**Dataset**:
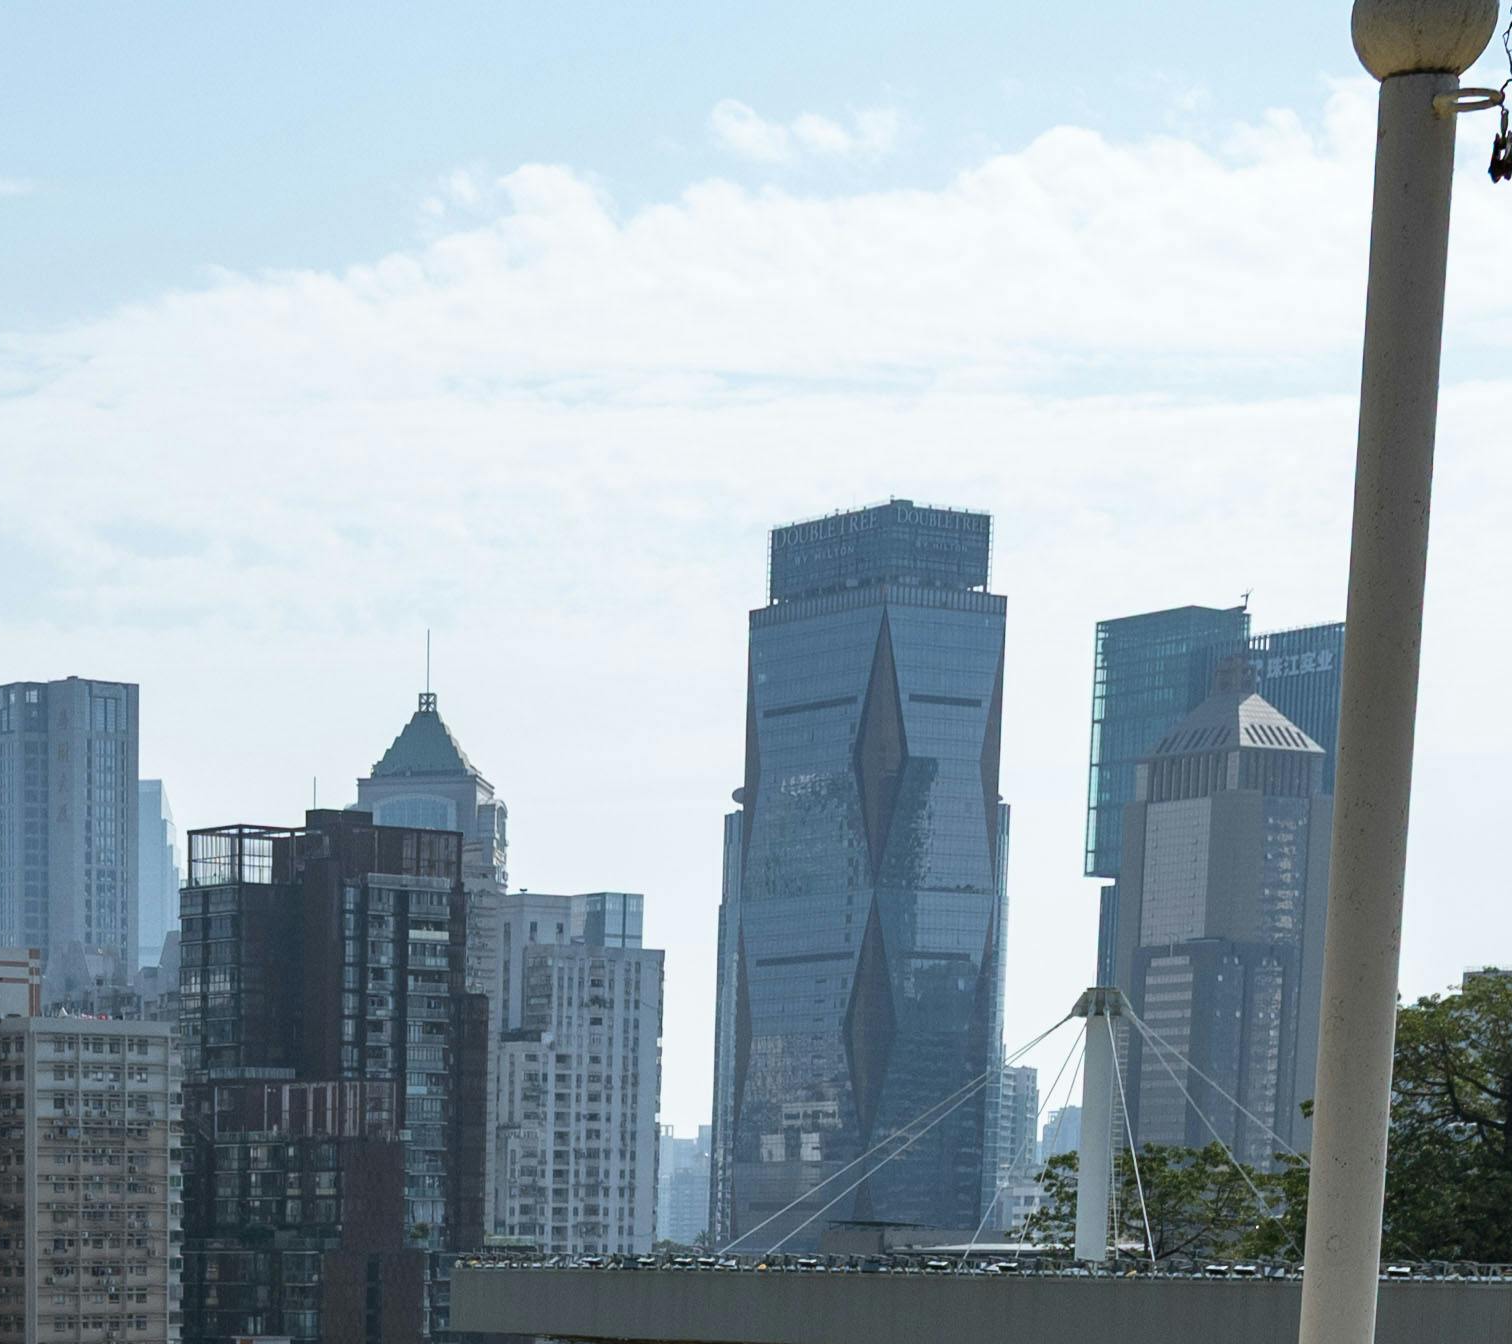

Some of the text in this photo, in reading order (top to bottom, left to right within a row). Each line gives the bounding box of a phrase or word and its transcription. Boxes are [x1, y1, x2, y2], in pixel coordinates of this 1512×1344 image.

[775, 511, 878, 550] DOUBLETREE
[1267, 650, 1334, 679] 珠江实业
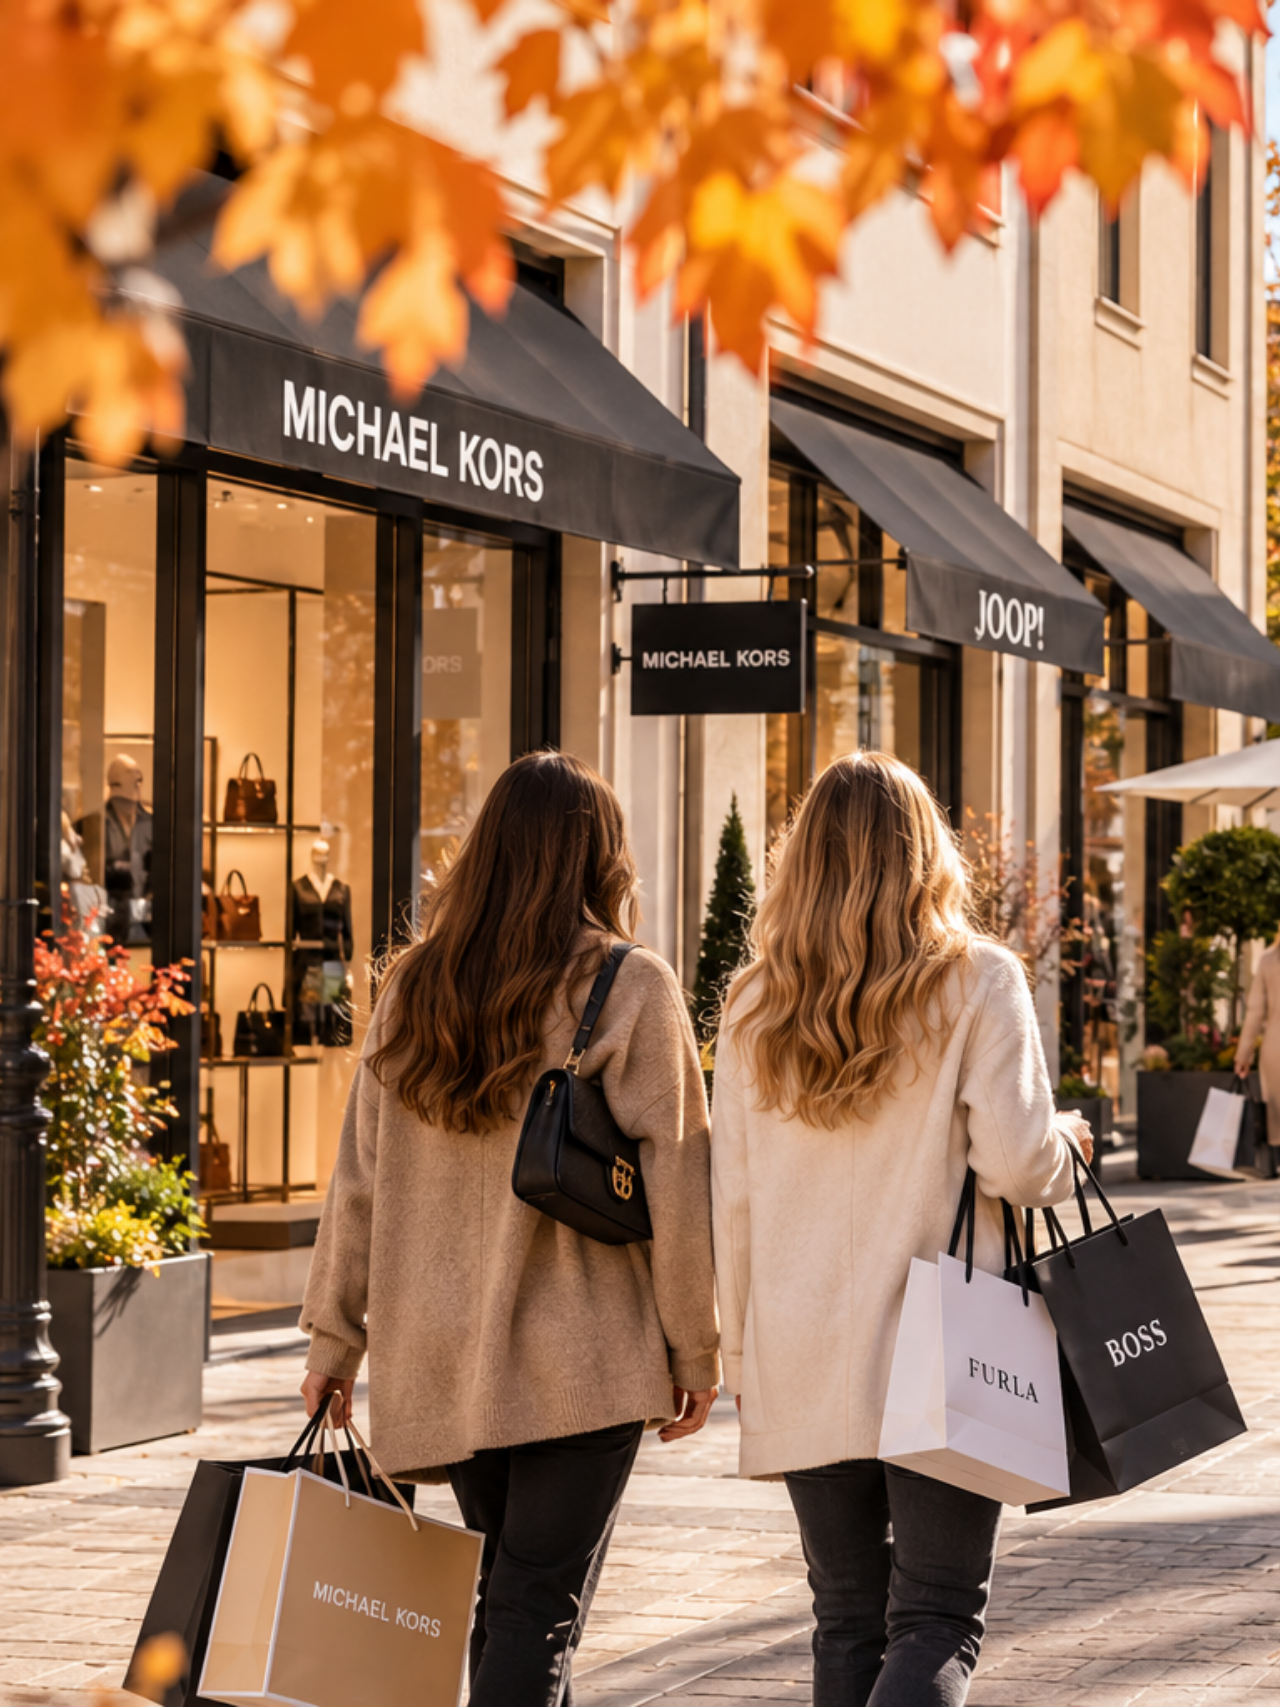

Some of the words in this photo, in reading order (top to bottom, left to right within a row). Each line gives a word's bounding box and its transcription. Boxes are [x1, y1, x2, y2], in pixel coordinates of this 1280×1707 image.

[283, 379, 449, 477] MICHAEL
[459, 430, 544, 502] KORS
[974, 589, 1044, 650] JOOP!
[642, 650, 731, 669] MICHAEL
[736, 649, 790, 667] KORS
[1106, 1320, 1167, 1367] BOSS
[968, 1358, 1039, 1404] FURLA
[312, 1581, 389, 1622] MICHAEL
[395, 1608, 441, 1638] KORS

**What is needed**: A verbatim printout of the entries above is expected, free of pictures.

**Output for this exercise**:
Some of the text in this photo, in reading order (top to bottom, left to right within a row). Each line gives the bounding box of a phrase or word and its transcription. Boxes are [x1, y1, x2, y2], in pixel coordinates of this 1512×1344 image.

[775, 511, 878, 550] DOUBLETREE
[1267, 650, 1334, 679] 珠江实业

Some of the words in this photo, in reading order (top to bottom, left to right within a row). Each line gives a word's bounding box and its transcription. Boxes are [x1, y1, x2, y2], in pixel coordinates of this 1280×1707 image.

[283, 379, 449, 477] MICHAEL
[459, 430, 544, 502] KORS
[974, 589, 1044, 650] JOOP!
[642, 650, 731, 669] MICHAEL
[736, 649, 790, 667] KORS
[1106, 1320, 1167, 1367] BOSS
[968, 1358, 1039, 1404] FURLA
[312, 1581, 389, 1622] MICHAEL
[395, 1608, 441, 1638] KORS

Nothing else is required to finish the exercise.